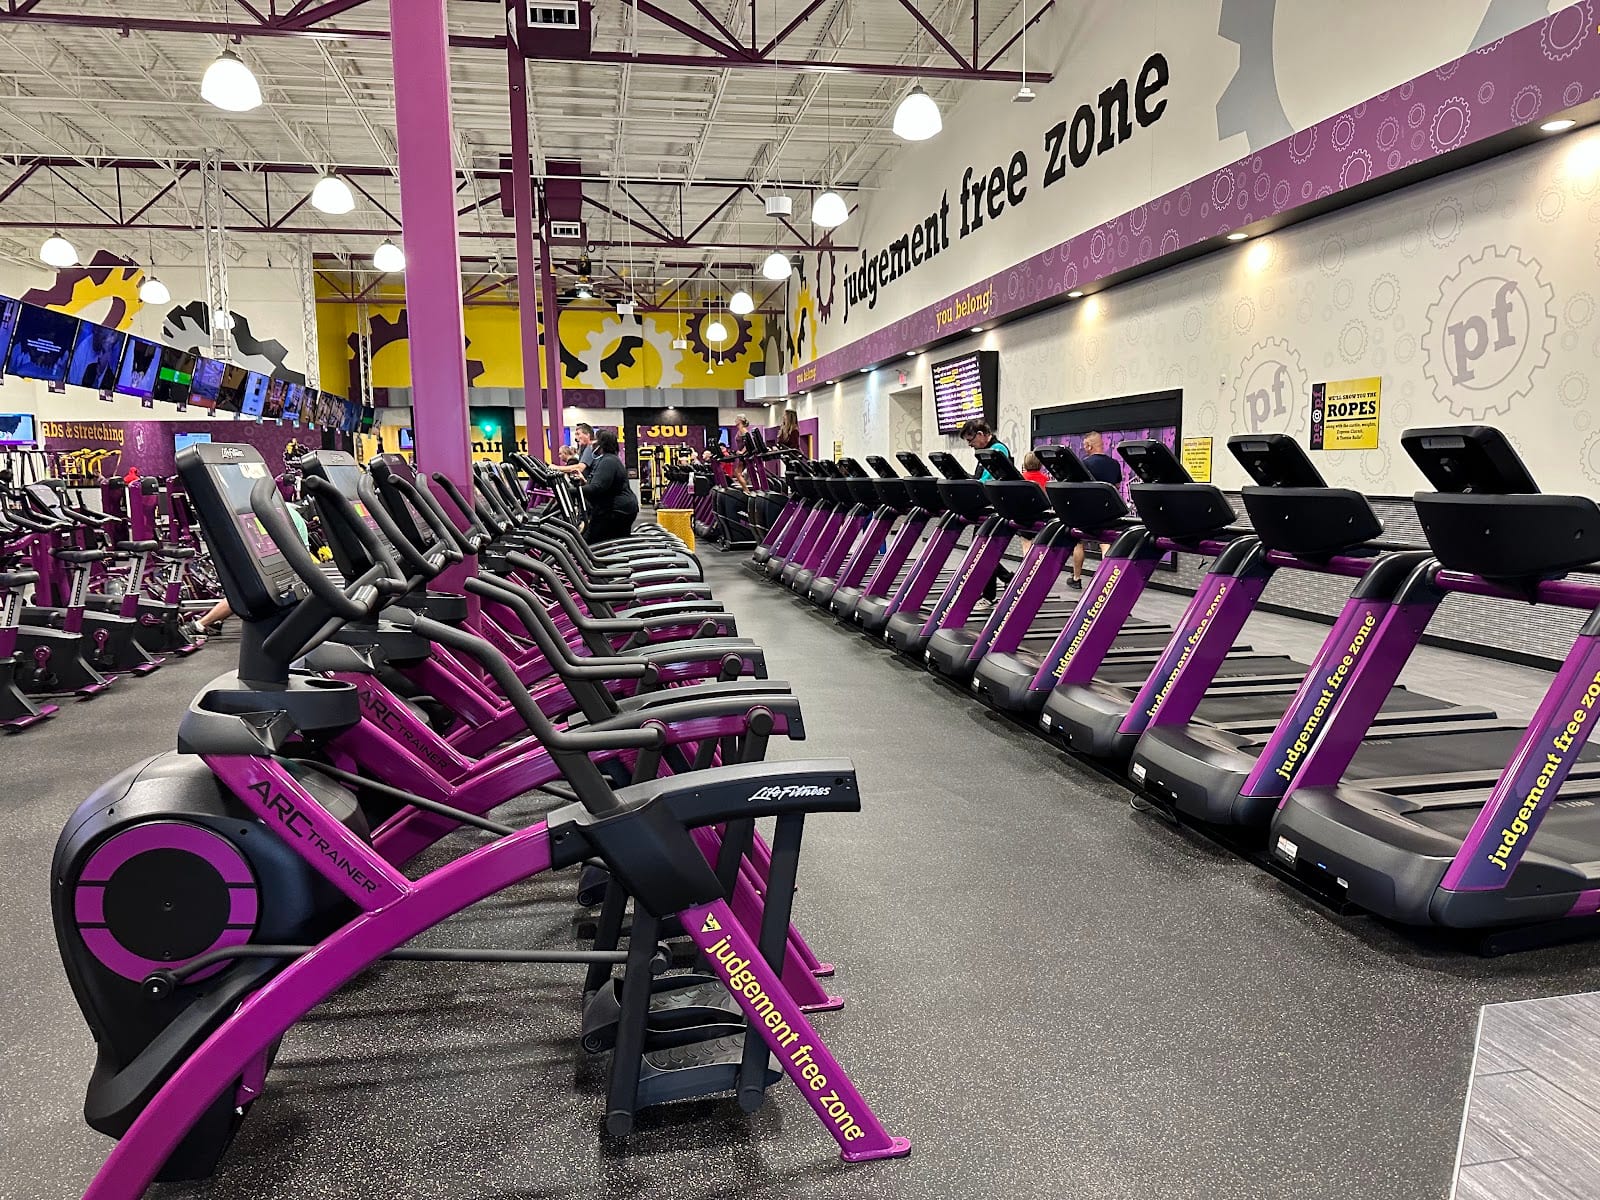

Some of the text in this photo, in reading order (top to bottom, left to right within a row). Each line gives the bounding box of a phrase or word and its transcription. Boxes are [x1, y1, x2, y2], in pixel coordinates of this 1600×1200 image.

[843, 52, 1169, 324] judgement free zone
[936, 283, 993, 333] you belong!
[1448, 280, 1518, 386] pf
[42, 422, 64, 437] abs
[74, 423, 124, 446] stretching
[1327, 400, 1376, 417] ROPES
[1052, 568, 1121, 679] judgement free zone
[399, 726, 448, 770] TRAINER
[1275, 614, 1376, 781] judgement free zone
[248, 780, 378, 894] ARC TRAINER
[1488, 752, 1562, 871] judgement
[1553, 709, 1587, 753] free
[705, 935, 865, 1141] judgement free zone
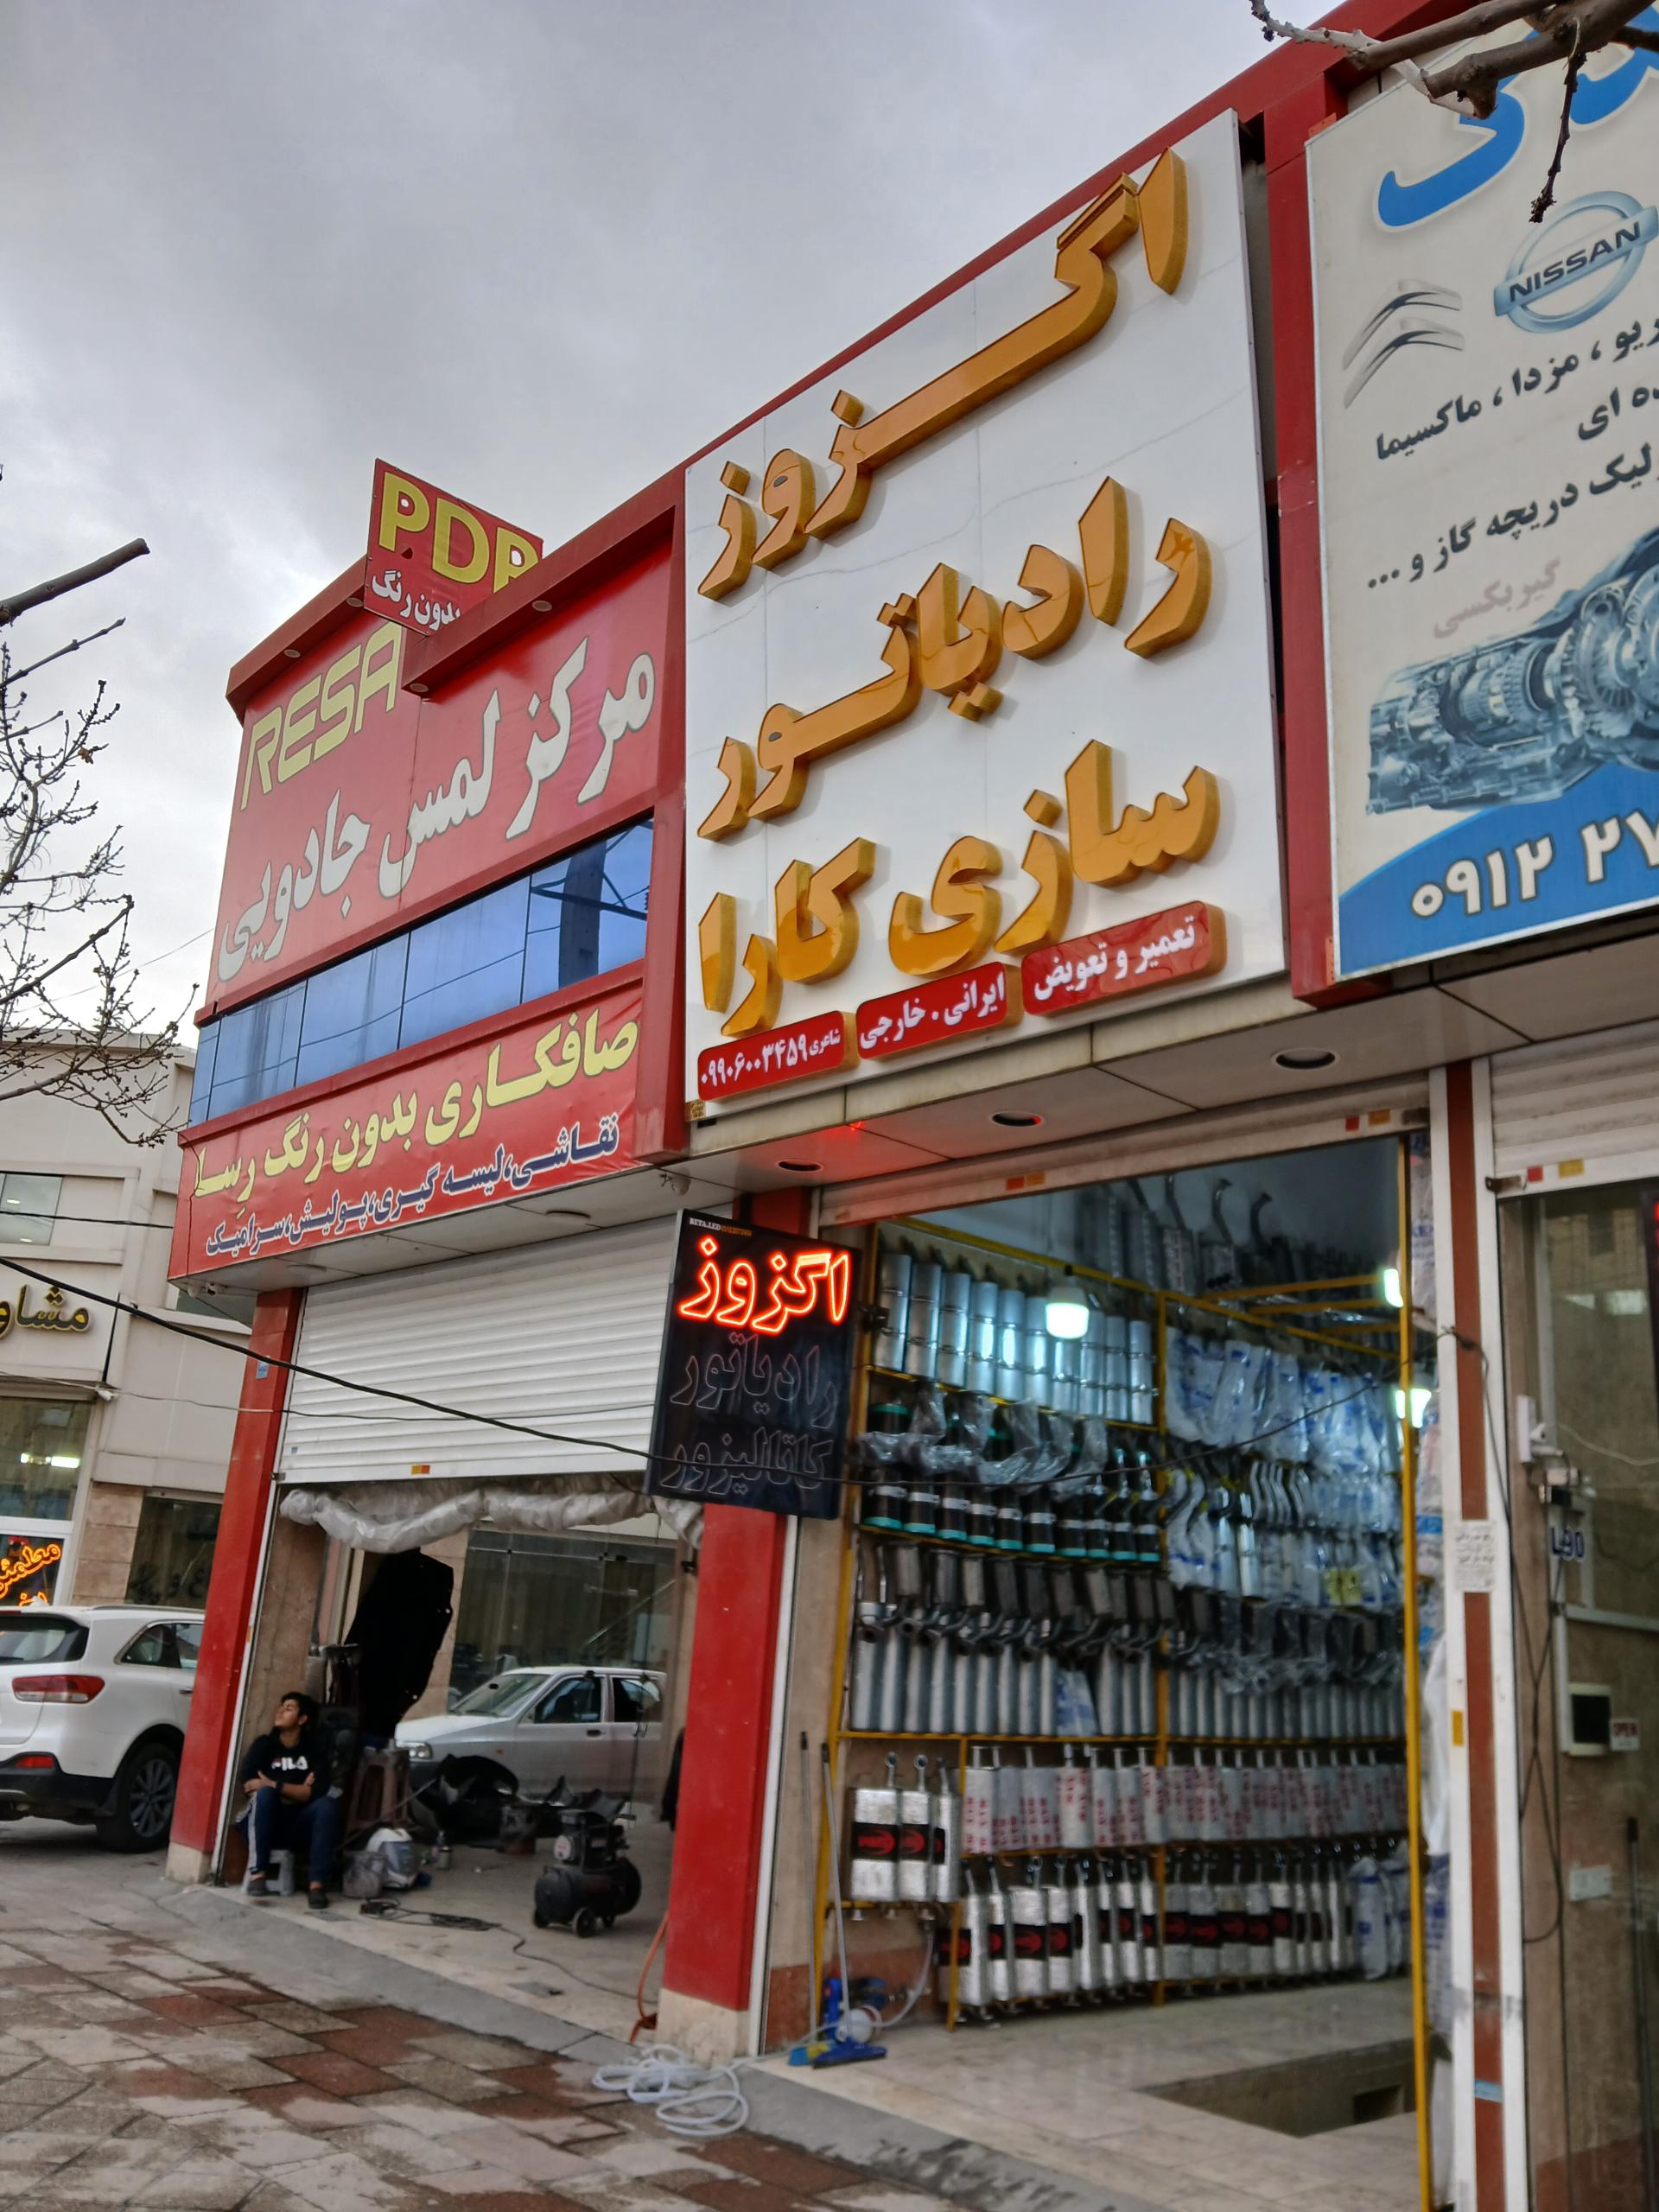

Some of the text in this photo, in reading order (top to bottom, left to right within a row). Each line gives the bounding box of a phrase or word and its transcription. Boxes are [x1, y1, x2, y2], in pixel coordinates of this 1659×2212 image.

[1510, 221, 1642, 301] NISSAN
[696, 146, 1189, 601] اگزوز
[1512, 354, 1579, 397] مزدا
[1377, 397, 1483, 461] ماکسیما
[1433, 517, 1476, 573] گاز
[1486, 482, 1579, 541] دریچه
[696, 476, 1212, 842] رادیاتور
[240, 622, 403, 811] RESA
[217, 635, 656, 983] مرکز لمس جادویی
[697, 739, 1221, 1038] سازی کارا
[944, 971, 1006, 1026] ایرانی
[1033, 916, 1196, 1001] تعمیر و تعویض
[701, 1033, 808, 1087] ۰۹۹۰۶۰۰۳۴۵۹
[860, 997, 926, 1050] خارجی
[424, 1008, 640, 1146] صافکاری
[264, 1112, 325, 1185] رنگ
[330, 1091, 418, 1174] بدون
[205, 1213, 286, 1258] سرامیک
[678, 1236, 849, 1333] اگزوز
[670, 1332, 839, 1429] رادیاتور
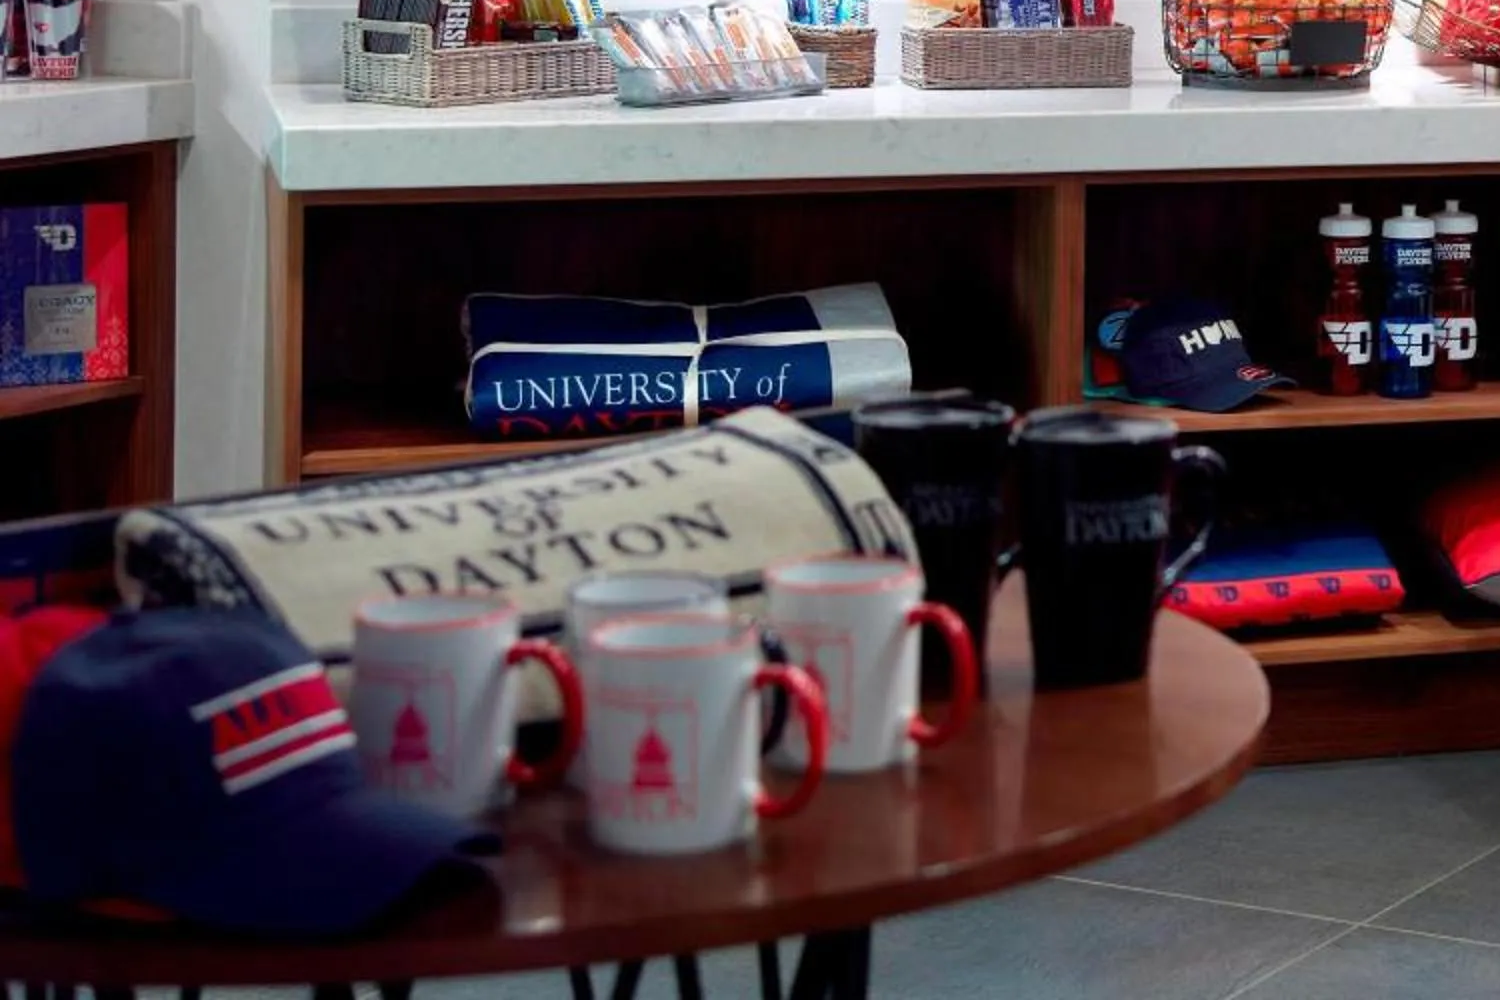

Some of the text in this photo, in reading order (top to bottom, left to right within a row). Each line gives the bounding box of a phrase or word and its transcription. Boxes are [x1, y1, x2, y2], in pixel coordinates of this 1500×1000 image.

***

EXERCISE DETAILS: Reproduce all entries above exactly, minus the images.

ANSWER TO THIS EXERCISE:
Some of the text in this photo, in reading order (top to bottom, left to right within a row). Each line gives the bounding box of a phrase or word and its transcription. Boxes are [x1, y1, x2, y2], in pixel coordinates of this 1600×1200 image.

[843, 52, 1169, 324] judgement free zone
[936, 283, 993, 333] you belong!
[1448, 280, 1518, 386] pf
[42, 422, 64, 437] abs
[74, 423, 124, 446] stretching
[1327, 400, 1376, 417] ROPES
[1052, 568, 1121, 679] judgement free zone
[399, 726, 448, 770] TRAINER
[1275, 614, 1376, 781] judgement free zone
[248, 780, 378, 894] ARC TRAINER
[1488, 752, 1562, 871] judgement
[1553, 709, 1587, 753] free
[705, 935, 865, 1141] judgement free zone

Some of the text in this photo, in reading order (top to bottom, left to right within a row). Each line gives the bounding box of a phrase or word and its transcription. Boxes are [x1, y1, x2, y2], in pixel coordinates of this 1659×2212 image.

[1510, 221, 1642, 301] NISSAN
[696, 146, 1189, 601] اگزوز
[1512, 354, 1579, 397] مزدا
[1377, 397, 1483, 461] ماکسیما
[1433, 517, 1476, 573] گاز
[1486, 482, 1579, 541] دریچه
[696, 476, 1212, 842] رادیاتور
[240, 622, 403, 811] RESA
[217, 635, 656, 983] مرکز لمس جادویی
[697, 739, 1221, 1038] سازی کارا
[944, 971, 1006, 1026] ایرانی
[1033, 916, 1196, 1001] تعمیر و تعویض
[701, 1033, 808, 1087] ۰۹۹۰۶۰۰۳۴۵۹
[860, 997, 926, 1050] خارجی
[424, 1008, 640, 1146] صافکاری
[264, 1112, 325, 1185] رنگ
[330, 1091, 418, 1174] بدون
[205, 1213, 286, 1258] سرامیک
[678, 1236, 849, 1333] اگزوز
[670, 1332, 839, 1429] رادیاتور

Some of the text in this photo, in reading order (top to bottom, left to right within a row). Each line gives the bounding box of a phrase or word and its transcription. Boxes are [x1, y1, x2, y2], in pixel coordinates of this 1500×1000 image.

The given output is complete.